In one way, I’ve been completely on the money. Rolls-Royce has failed to match this form. But it’s still done seriously well.
Astonishing gains
Using today’s share price, I could have made an incredible gain of 119% had I bought in September 2023. So, an investment of £10,000 would have grown to £21,900. For comparison, the FTSE 100 is up only 11% over the same period. And that’s actually a pretty great return considering just how lacklustre the index has been in recent times.
Is there even more to come? At the risk of sounding like a stuck record, I’m not so sure.
Worrying development
The engine failure on a Cathay Pacific flight earlier this week seems to have prompted at least some investors to bank a profit. We’re seeing a bit more selling pressure today (6 September). This follows the announcement that the European Union Aviation Safety Agency has asked for visual checks to be made on some of the company’s engines.
The question being asked now is whether this is a one-off issue or something more alarming. If additional faults are discovered, we can expect more flights to be cancelled by airlines. This would clearly be a huge issue for Rolls-Royce. Put simply, it makes most of its cash when planes are in the air.
Is the stock priced for perfection?
Now, reputational and earnings hits would be bearable for me if it was clear that any problems were being swiftly remedied and the company’s valuation wasn’t already frothy. However, Roll-Royce shares currently change hands at a forecast price-to-earnings (P/E) ratio of 28, according to my data provider. This implies investors are excited about the firm’s outlook. But it also suggests they will be merciless if the company even slightly disappoints.
I might be comparing apples with oranges here but this feels similar to what’s happening across the pond with Nvidia. While the chipmaker’s long-term outlook still looks very positive, it seems that near-term expectations have finally overtaken reality. And its shares are down 12% in just the last five trading days.

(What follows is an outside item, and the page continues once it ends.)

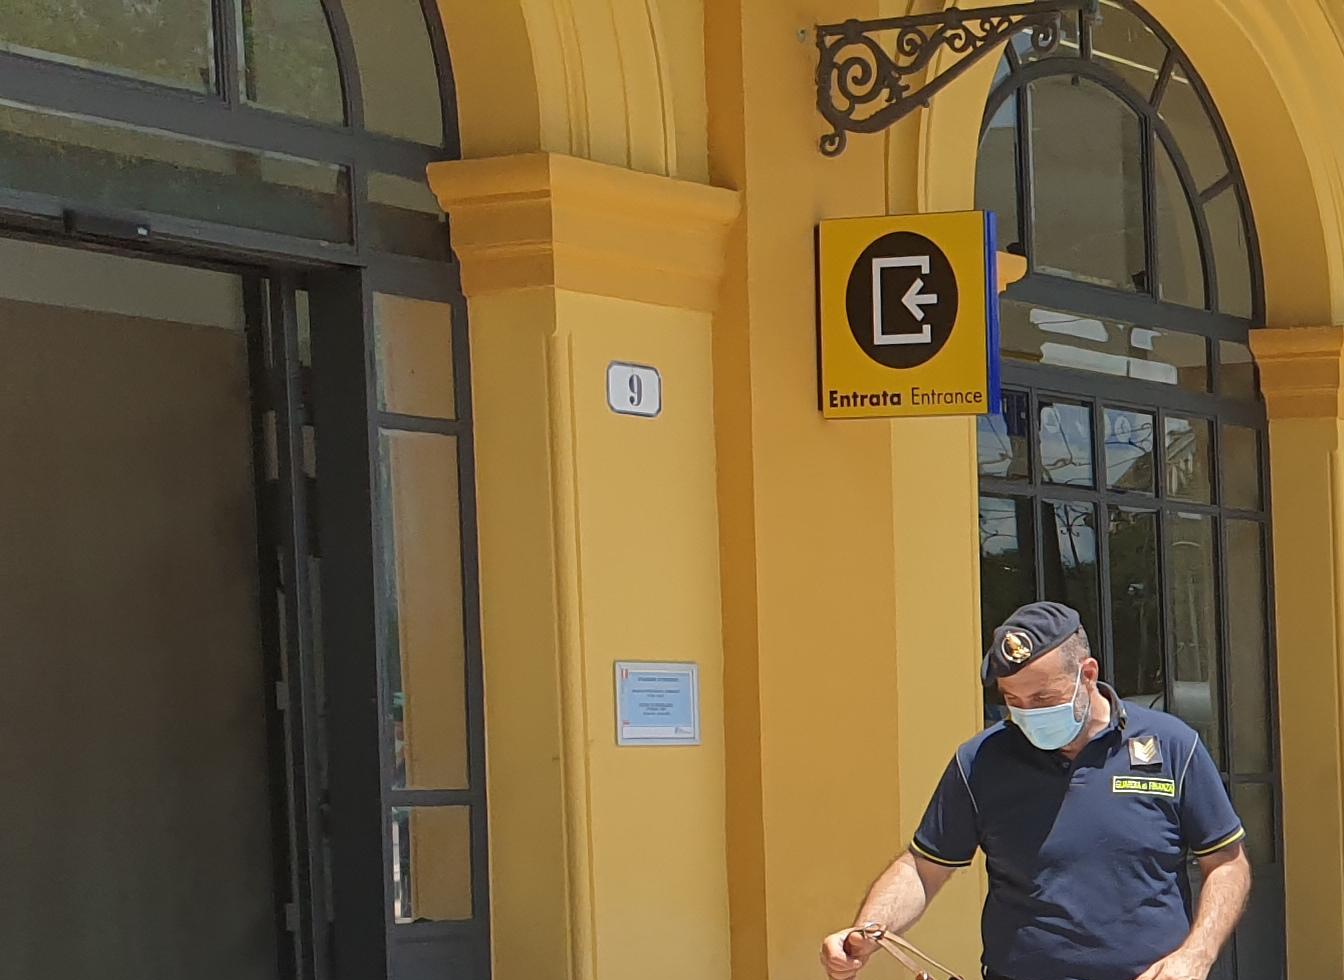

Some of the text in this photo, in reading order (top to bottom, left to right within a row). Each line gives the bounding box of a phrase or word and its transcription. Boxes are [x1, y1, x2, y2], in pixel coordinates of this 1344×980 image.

[628, 373, 643, 407] 9
[828, 387, 983, 408] Entrata Entrance
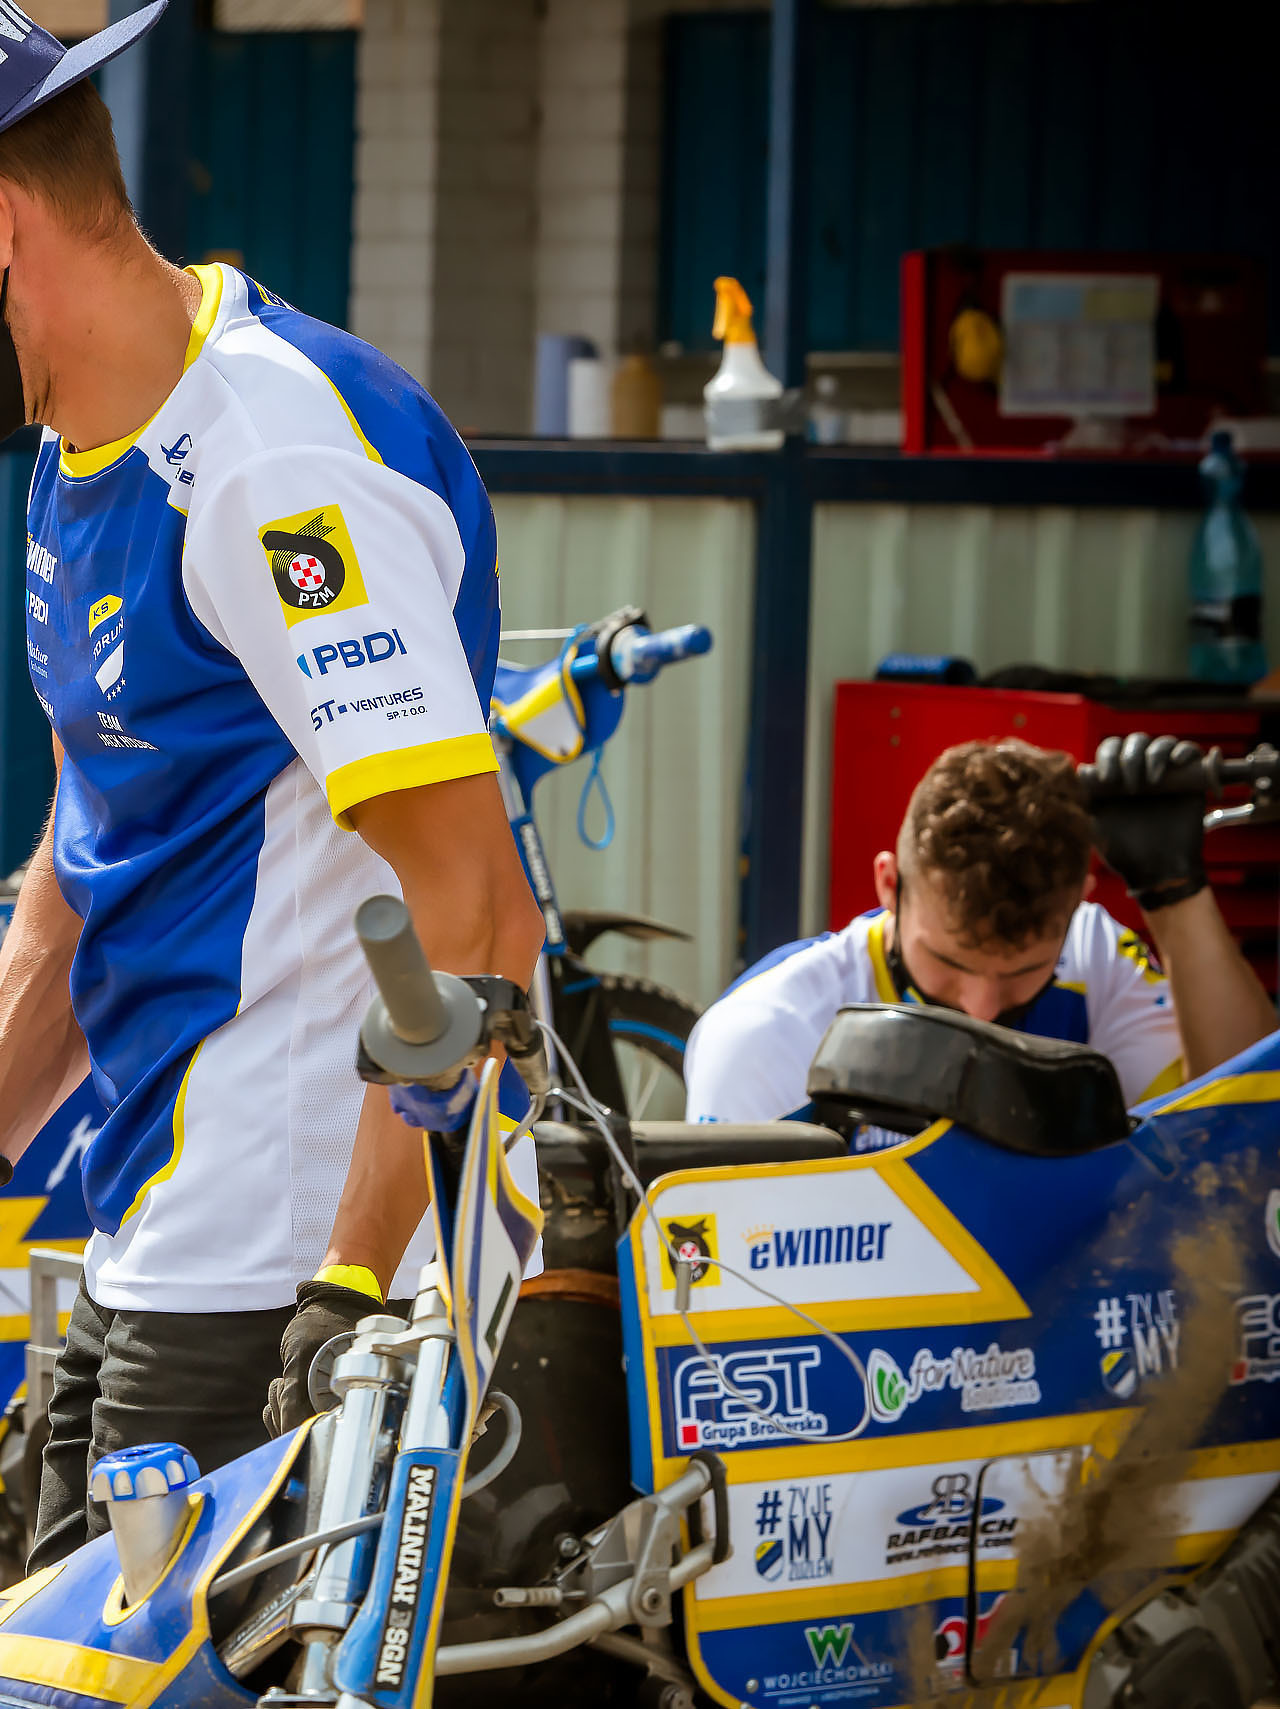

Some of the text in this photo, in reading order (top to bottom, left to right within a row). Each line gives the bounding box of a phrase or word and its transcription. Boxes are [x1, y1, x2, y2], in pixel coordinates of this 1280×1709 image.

Another thing I’m contemplating is whether this week’s news could mean that Rolls-Royce’s plan to restart its dividend — announced in August — might be postponed. Should this be the case and the stock’s purple patch of form come to a screeching halt as a result, I won’t be compensated for staying patient and waiting for a recovery.
I’m still wary
Through effective cost-cutting and an admirable no-nonsense approach, I think CEO Tufan Erginbilgiç has done a remarkable job of turning this company around. I certainly wish my crystal ball had been working and pushed me to invest one year ago. At the height of the pandemic would have been even better. Congratulations to anyone who did. No sour grapes here.
But I continue to be wary of Rolls-Royce shares, albeit for different reasons than before.